He fits in climbs between meetings and loves bringing his three kids in to play before and after school. Sometimes he’ll plan a Basecamp session with Penny’s dad, Chris, to climb together.

This year, a member wanted to practice with aerial silks, so Tyler helped install one from the ceiling, which a group of female climbers routinely gathers to practice on.

Basecamp Operations Director Lexi Cady said they bought a heater after receiving feedback via a member survey. The space often becomes a warming hut for people who come to Ouray living in cars and vans during the winter months.

Whatever it is, Tyler is eager to equip Basecamp-goers with what they may need, even when it means creating something from scratch for them individually.

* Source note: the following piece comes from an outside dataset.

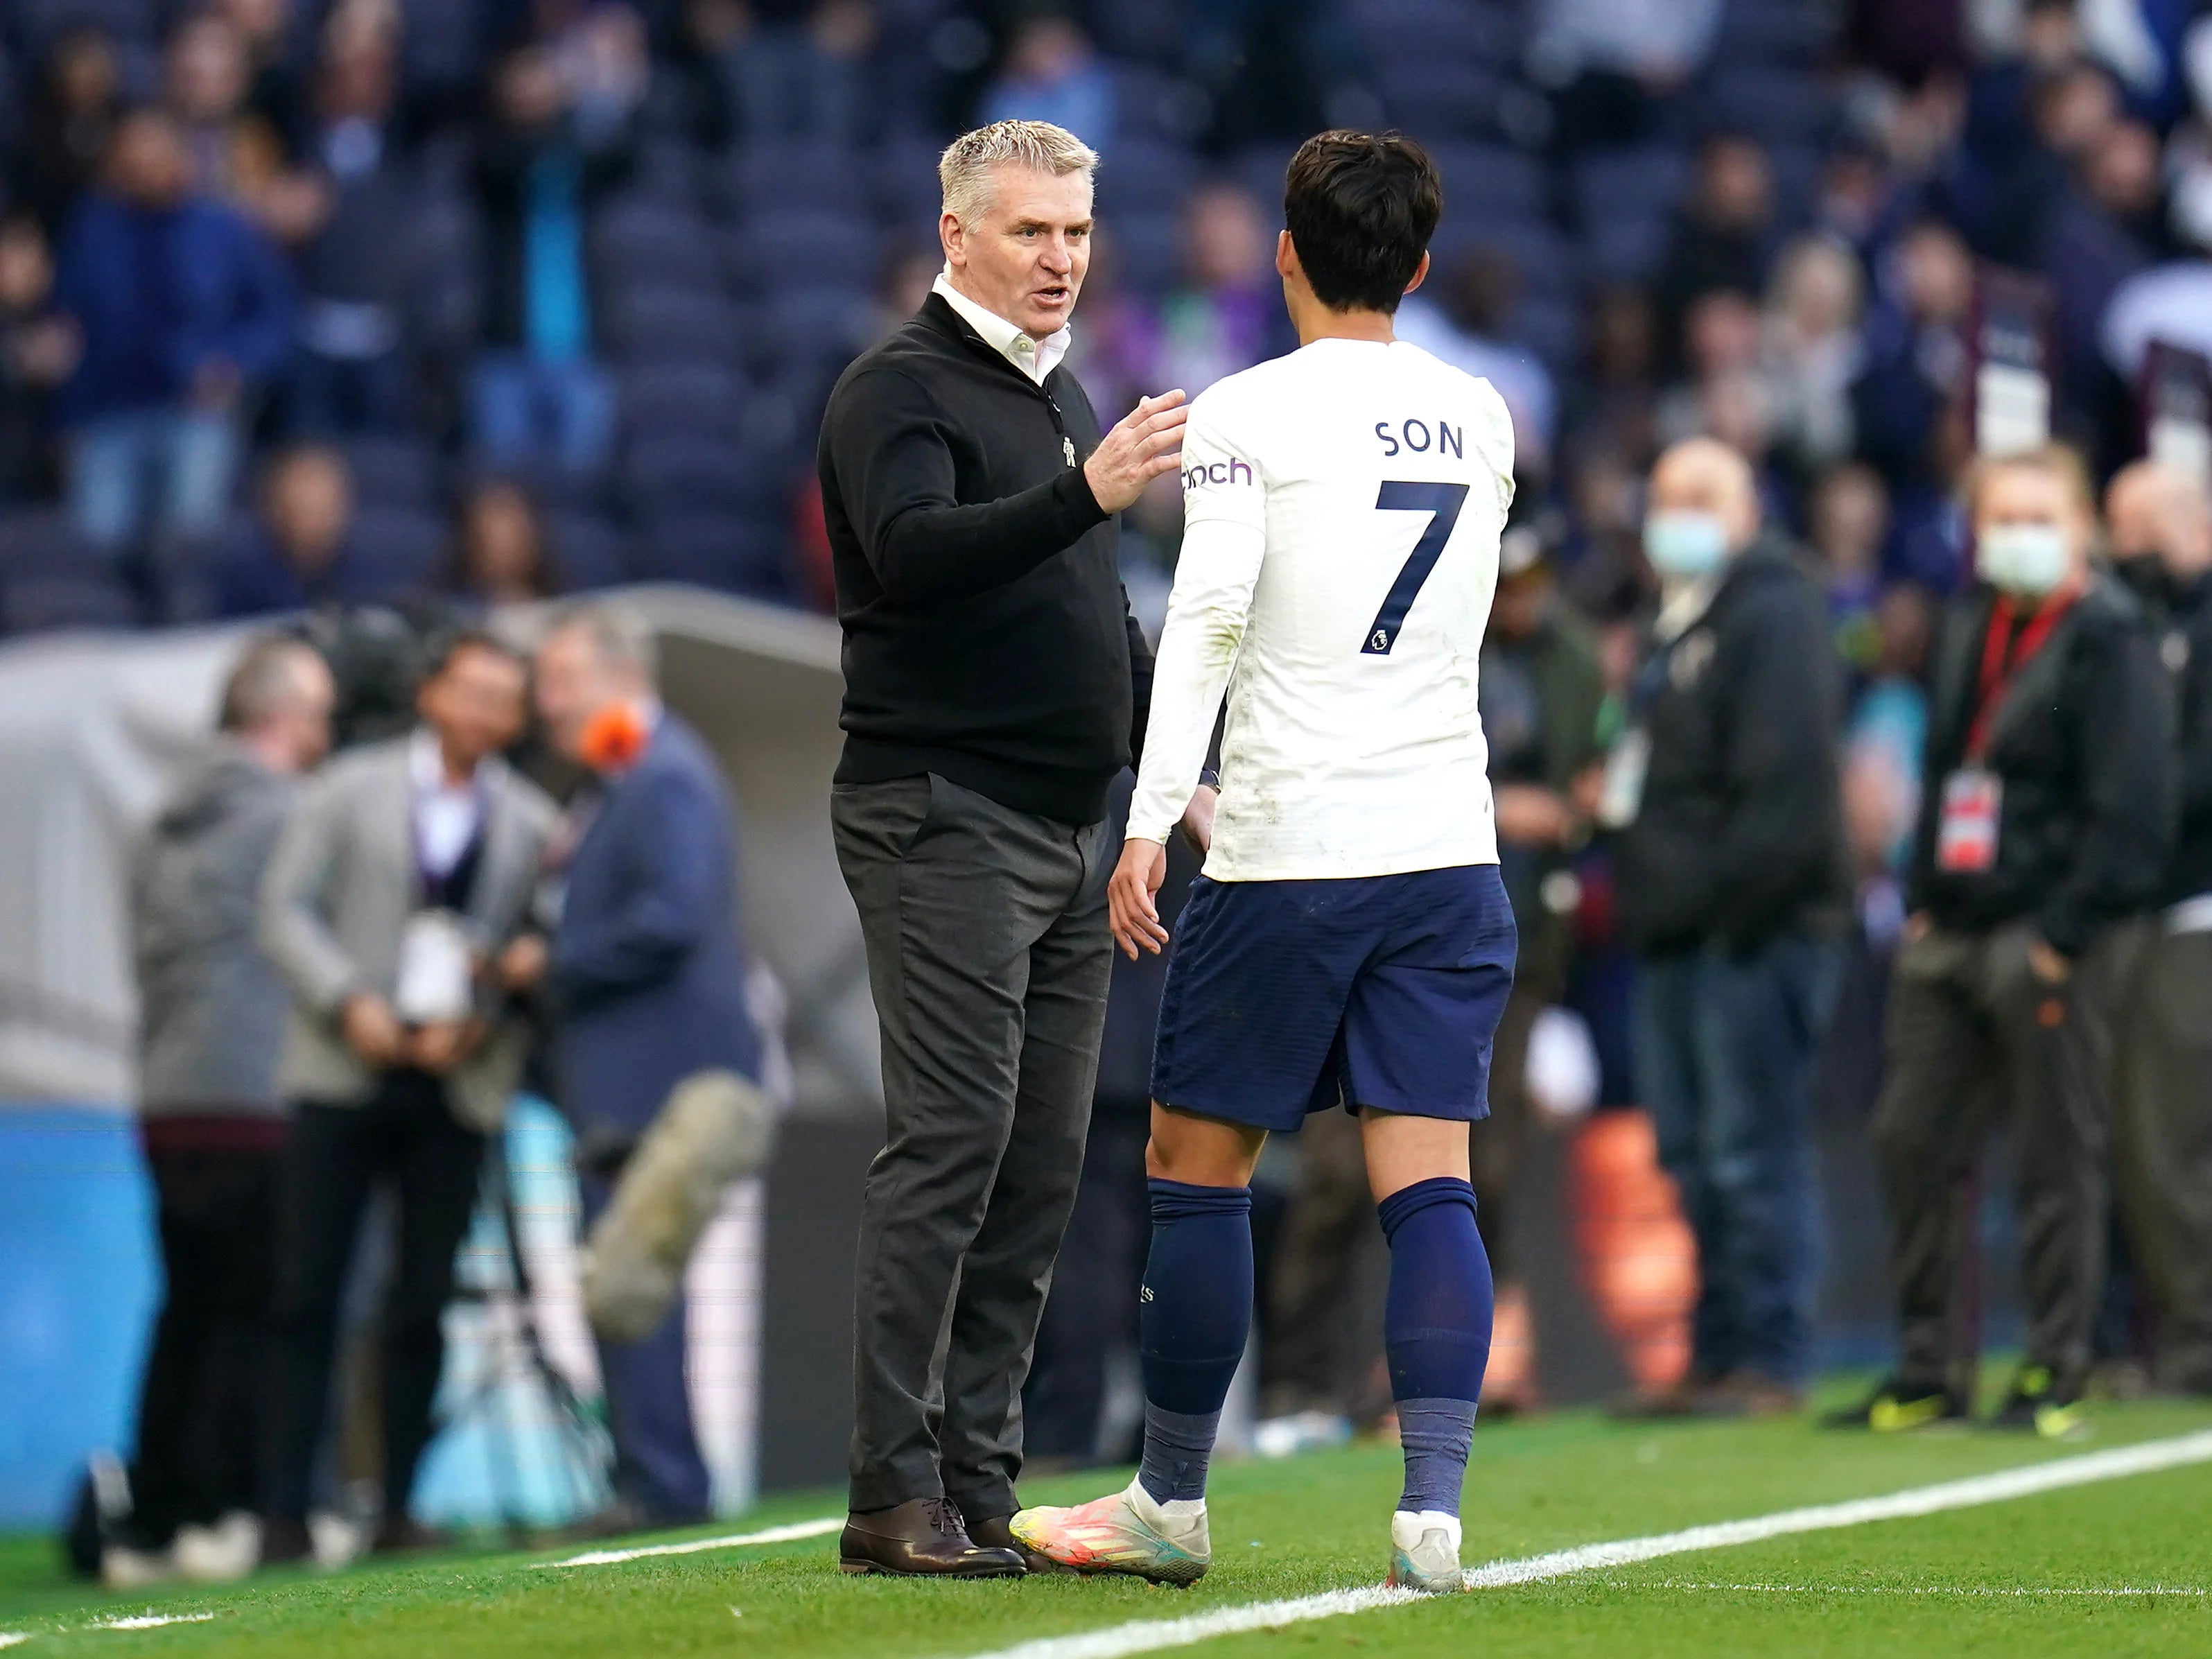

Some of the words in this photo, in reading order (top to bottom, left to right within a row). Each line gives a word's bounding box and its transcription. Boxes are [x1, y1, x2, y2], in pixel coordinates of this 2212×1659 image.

[1375, 419, 1463, 460] SON
[1181, 457, 1252, 489] inch
[1360, 480, 1470, 655] 7

Kamahele said while she was in Ouray for the season this summer, Tyler helped her build out tailored training grounds for a specific type of climbing competition she was training for.

“I think Logan’s a big dreamer and I think he allows other people to dream in this space,” she said.

Lia Salvatierra is a journalist with Report for America, a service program that helps boost underserved areas with more reporting resources.

 

Editor’s note: This is another installment of our features on “third places” here in Ouray County.

Third places, a term coined by sociologist Ray Oldenburg in the 1980s, are places where people gather and socialize.

Your first place is your home, your second place is your work, and your third place is a place you interact with others voluntarily. Third places “host the regular, voluntary, informal, and happily anticipated gatherings of individuals beyond the realms of home and work,” he wrote. If you want to know more about third places, you can check out several books written by Oldenburg on the subject, as well as “Bowling Alone,” by Robert Putnam.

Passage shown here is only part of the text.